** Prompt **
Return the entries below exactly as written.

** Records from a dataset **
--- START ---

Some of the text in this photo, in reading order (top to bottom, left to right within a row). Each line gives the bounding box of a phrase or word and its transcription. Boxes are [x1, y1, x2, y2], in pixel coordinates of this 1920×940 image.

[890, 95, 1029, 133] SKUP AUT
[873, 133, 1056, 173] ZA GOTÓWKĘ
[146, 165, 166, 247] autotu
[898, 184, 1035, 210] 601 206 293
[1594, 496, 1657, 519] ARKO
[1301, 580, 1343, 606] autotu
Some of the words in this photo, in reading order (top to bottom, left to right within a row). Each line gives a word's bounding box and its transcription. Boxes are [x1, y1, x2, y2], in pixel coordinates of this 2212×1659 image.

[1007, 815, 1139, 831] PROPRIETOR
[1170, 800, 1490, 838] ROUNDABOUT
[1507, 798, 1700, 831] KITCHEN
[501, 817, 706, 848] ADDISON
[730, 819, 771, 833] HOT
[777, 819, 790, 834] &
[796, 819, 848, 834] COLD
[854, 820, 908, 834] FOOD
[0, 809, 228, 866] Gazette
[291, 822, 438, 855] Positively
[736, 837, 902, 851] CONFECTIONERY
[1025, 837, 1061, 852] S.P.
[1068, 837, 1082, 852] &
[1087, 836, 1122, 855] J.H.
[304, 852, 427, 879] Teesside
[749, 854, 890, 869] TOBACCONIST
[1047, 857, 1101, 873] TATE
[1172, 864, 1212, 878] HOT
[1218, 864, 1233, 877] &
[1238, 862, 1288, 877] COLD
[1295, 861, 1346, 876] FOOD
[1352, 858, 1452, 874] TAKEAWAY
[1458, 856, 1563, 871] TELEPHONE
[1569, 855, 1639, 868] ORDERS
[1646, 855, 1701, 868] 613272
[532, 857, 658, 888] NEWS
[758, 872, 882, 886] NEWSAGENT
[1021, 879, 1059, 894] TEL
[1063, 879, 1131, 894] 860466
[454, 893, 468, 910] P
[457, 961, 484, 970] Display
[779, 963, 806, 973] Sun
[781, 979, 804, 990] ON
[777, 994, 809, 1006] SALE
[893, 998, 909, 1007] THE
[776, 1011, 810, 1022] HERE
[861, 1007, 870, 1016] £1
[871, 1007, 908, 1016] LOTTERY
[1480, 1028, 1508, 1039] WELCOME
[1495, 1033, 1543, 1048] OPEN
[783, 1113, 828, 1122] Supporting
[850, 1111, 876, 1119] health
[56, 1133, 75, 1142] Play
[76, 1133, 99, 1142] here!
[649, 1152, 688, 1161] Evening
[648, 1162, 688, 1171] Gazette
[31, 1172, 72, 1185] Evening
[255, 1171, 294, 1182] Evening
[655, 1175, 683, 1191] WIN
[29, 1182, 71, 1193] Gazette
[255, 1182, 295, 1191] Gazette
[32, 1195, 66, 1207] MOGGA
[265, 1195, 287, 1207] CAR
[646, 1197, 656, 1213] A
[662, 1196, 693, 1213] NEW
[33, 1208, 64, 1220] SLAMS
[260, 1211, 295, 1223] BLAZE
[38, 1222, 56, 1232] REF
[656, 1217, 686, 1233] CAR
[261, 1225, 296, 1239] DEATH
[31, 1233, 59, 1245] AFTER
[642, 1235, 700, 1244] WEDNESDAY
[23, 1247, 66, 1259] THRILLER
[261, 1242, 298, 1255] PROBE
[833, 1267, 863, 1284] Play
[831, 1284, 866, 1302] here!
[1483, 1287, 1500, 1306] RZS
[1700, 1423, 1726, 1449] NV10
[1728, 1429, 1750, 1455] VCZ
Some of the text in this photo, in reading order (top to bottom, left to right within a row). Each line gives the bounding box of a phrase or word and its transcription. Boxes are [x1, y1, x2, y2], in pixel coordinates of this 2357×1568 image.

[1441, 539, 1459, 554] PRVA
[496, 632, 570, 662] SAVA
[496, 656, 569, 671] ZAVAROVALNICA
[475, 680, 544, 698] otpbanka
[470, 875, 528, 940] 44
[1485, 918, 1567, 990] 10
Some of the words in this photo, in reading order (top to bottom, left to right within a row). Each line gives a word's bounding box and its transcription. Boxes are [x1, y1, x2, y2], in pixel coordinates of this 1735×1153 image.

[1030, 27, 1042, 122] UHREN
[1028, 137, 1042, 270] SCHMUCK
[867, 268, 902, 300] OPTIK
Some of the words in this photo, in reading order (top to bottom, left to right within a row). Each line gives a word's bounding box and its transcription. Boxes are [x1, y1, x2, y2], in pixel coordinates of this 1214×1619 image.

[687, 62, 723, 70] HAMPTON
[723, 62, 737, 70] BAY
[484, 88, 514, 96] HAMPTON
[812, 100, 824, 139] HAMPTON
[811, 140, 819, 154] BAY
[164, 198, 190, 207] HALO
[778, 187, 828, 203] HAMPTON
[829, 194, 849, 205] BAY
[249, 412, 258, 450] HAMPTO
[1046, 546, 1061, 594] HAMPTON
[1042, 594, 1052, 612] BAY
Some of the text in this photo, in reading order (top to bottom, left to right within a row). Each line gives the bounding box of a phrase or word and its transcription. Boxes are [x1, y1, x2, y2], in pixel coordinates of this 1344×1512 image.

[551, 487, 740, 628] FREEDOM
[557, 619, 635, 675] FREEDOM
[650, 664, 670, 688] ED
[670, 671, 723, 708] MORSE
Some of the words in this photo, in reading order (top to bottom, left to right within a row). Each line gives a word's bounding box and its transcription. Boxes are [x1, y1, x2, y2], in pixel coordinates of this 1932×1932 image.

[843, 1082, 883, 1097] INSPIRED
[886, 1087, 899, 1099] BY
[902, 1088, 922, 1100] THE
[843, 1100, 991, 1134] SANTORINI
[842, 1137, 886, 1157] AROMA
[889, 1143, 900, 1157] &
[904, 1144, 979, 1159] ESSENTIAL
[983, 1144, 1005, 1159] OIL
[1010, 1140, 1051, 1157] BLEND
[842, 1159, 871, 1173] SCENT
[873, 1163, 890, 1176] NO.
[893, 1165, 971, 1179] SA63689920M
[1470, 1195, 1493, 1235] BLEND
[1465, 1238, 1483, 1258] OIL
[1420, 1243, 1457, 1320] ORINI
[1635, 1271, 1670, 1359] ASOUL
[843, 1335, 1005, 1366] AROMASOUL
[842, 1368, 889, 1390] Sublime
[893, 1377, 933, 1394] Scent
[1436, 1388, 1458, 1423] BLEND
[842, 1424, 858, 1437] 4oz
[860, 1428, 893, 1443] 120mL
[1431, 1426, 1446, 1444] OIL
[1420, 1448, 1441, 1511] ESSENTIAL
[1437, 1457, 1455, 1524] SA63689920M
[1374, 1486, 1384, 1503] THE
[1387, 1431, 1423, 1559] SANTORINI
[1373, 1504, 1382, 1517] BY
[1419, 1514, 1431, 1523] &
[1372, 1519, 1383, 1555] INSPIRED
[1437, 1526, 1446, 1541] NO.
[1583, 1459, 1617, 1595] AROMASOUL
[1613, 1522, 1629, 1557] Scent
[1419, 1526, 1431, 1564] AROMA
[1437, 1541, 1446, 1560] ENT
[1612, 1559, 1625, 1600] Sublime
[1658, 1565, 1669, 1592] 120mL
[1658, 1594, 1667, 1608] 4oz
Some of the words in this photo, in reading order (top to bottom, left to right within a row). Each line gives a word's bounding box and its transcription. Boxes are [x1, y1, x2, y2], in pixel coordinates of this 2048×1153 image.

--- END ---

** Response box **
Some of the text in this photo, in reading order (top to bottom, left to right within a row). Each line gives the bounding box of a phrase or word and its transcription. Boxes are [x1, y1, x2, y2], in pixel coordinates of this 1920×940 image.

[890, 95, 1029, 133] SKUP AUT
[873, 133, 1056, 173] ZA GOTÓWKĘ
[146, 165, 166, 247] autotu
[898, 184, 1035, 210] 601 206 293
[1594, 496, 1657, 519] ARKO
[1301, 580, 1343, 606] autotu
Some of the words in this photo, in reading order (top to bottom, left to right within a row). Each line gives a word's bounding box and its transcription. Boxes are [x1, y1, x2, y2], in pixel coordinates of this 2212×1659 image.

[1007, 815, 1139, 831] PROPRIETOR
[1170, 800, 1490, 838] ROUNDABOUT
[1507, 798, 1700, 831] KITCHEN
[501, 817, 706, 848] ADDISON
[730, 819, 771, 833] HOT
[777, 819, 790, 834] &
[796, 819, 848, 834] COLD
[854, 820, 908, 834] FOOD
[0, 809, 228, 866] Gazette
[291, 822, 438, 855] Positively
[736, 837, 902, 851] CONFECTIONERY
[1025, 837, 1061, 852] S.P.
[1068, 837, 1082, 852] &
[1087, 836, 1122, 855] J.H.
[304, 852, 427, 879] Teesside
[749, 854, 890, 869] TOBACCONIST
[1047, 857, 1101, 873] TATE
[1172, 864, 1212, 878] HOT
[1218, 864, 1233, 877] &
[1238, 862, 1288, 877] COLD
[1295, 861, 1346, 876] FOOD
[1352, 858, 1452, 874] TAKEAWAY
[1458, 856, 1563, 871] TELEPHONE
[1569, 855, 1639, 868] ORDERS
[1646, 855, 1701, 868] 613272
[532, 857, 658, 888] NEWS
[758, 872, 882, 886] NEWSAGENT
[1021, 879, 1059, 894] TEL
[1063, 879, 1131, 894] 860466
[454, 893, 468, 910] P
[457, 961, 484, 970] Display
[779, 963, 806, 973] Sun
[781, 979, 804, 990] ON
[777, 994, 809, 1006] SALE
[893, 998, 909, 1007] THE
[776, 1011, 810, 1022] HERE
[861, 1007, 870, 1016] £1
[871, 1007, 908, 1016] LOTTERY
[1480, 1028, 1508, 1039] WELCOME
[1495, 1033, 1543, 1048] OPEN
[783, 1113, 828, 1122] Supporting
[850, 1111, 876, 1119] health
[56, 1133, 75, 1142] Play
[76, 1133, 99, 1142] here!
[649, 1152, 688, 1161] Evening
[648, 1162, 688, 1171] Gazette
[31, 1172, 72, 1185] Evening
[255, 1171, 294, 1182] Evening
[655, 1175, 683, 1191] WIN
[29, 1182, 71, 1193] Gazette
[255, 1182, 295, 1191] Gazette
[32, 1195, 66, 1207] MOGGA
[265, 1195, 287, 1207] CAR
[646, 1197, 656, 1213] A
[662, 1196, 693, 1213] NEW
[33, 1208, 64, 1220] SLAMS
[260, 1211, 295, 1223] BLAZE
[38, 1222, 56, 1232] REF
[656, 1217, 686, 1233] CAR
[261, 1225, 296, 1239] DEATH
[31, 1233, 59, 1245] AFTER
[642, 1235, 700, 1244] WEDNESDAY
[23, 1247, 66, 1259] THRILLER
[261, 1242, 298, 1255] PROBE
[833, 1267, 863, 1284] Play
[831, 1284, 866, 1302] here!
[1483, 1287, 1500, 1306] RZS
[1700, 1423, 1726, 1449] NV10
[1728, 1429, 1750, 1455] VCZ
Some of the text in this photo, in reading order (top to bottom, left to right within a row). Each line gives the bounding box of a phrase or word and its transcription. Boxes are [x1, y1, x2, y2], in pixel coordinates of this 2357×1568 image.

[1441, 539, 1459, 554] PRVA
[496, 632, 570, 662] SAVA
[496, 656, 569, 671] ZAVAROVALNICA
[475, 680, 544, 698] otpbanka
[470, 875, 528, 940] 44
[1485, 918, 1567, 990] 10
Some of the words in this photo, in reading order (top to bottom, left to right within a row). Each line gives a word's bounding box and its transcription. Boxes are [x1, y1, x2, y2], in pixel coordinates of this 1735×1153 image.

[1030, 27, 1042, 122] UHREN
[1028, 137, 1042, 270] SCHMUCK
[867, 268, 902, 300] OPTIK
Some of the words in this photo, in reading order (top to bottom, left to right within a row). Each line gives a word's bounding box and its transcription. Boxes are [x1, y1, x2, y2], in pixel coordinates of this 1214×1619 image.

[687, 62, 723, 70] HAMPTON
[723, 62, 737, 70] BAY
[484, 88, 514, 96] HAMPTON
[812, 100, 824, 139] HAMPTON
[811, 140, 819, 154] BAY
[164, 198, 190, 207] HALO
[778, 187, 828, 203] HAMPTON
[829, 194, 849, 205] BAY
[249, 412, 258, 450] HAMPTO
[1046, 546, 1061, 594] HAMPTON
[1042, 594, 1052, 612] BAY
Some of the text in this photo, in reading order (top to bottom, left to right within a row). Each line gives the bounding box of a phrase or word and its transcription. Boxes are [x1, y1, x2, y2], in pixel coordinates of this 1344×1512 image.

[551, 487, 740, 628] FREEDOM
[557, 619, 635, 675] FREEDOM
[650, 664, 670, 688] ED
[670, 671, 723, 708] MORSE
Some of the words in this photo, in reading order (top to bottom, left to right within a row). Each line gives a word's bounding box and its transcription. Boxes are [x1, y1, x2, y2], in pixel coordinates of this 1932×1932 image.

[843, 1082, 883, 1097] INSPIRED
[886, 1087, 899, 1099] BY
[902, 1088, 922, 1100] THE
[843, 1100, 991, 1134] SANTORINI
[842, 1137, 886, 1157] AROMA
[889, 1143, 900, 1157] &
[904, 1144, 979, 1159] ESSENTIAL
[983, 1144, 1005, 1159] OIL
[1010, 1140, 1051, 1157] BLEND
[842, 1159, 871, 1173] SCENT
[873, 1163, 890, 1176] NO.
[893, 1165, 971, 1179] SA63689920M
[1470, 1195, 1493, 1235] BLEND
[1465, 1238, 1483, 1258] OIL
[1420, 1243, 1457, 1320] ORINI
[1635, 1271, 1670, 1359] ASOUL
[843, 1335, 1005, 1366] AROMASOUL
[842, 1368, 889, 1390] Sublime
[893, 1377, 933, 1394] Scent
[1436, 1388, 1458, 1423] BLEND
[842, 1424, 858, 1437] 4oz
[860, 1428, 893, 1443] 120mL
[1431, 1426, 1446, 1444] OIL
[1420, 1448, 1441, 1511] ESSENTIAL
[1437, 1457, 1455, 1524] SA63689920M
[1374, 1486, 1384, 1503] THE
[1387, 1431, 1423, 1559] SANTORINI
[1373, 1504, 1382, 1517] BY
[1419, 1514, 1431, 1523] &
[1372, 1519, 1383, 1555] INSPIRED
[1437, 1526, 1446, 1541] NO.
[1583, 1459, 1617, 1595] AROMASOUL
[1613, 1522, 1629, 1557] Scent
[1419, 1526, 1431, 1564] AROMA
[1437, 1541, 1446, 1560] ENT
[1612, 1559, 1625, 1600] Sublime
[1658, 1565, 1669, 1592] 120mL
[1658, 1594, 1667, 1608] 4oz
Some of the words in this photo, in reading order (top to bottom, left to right within a row). Each line gives a word's bounding box and its transcription. Boxes are [x1, y1, x2, y2], in pixel coordinates of this 2048×1153 image.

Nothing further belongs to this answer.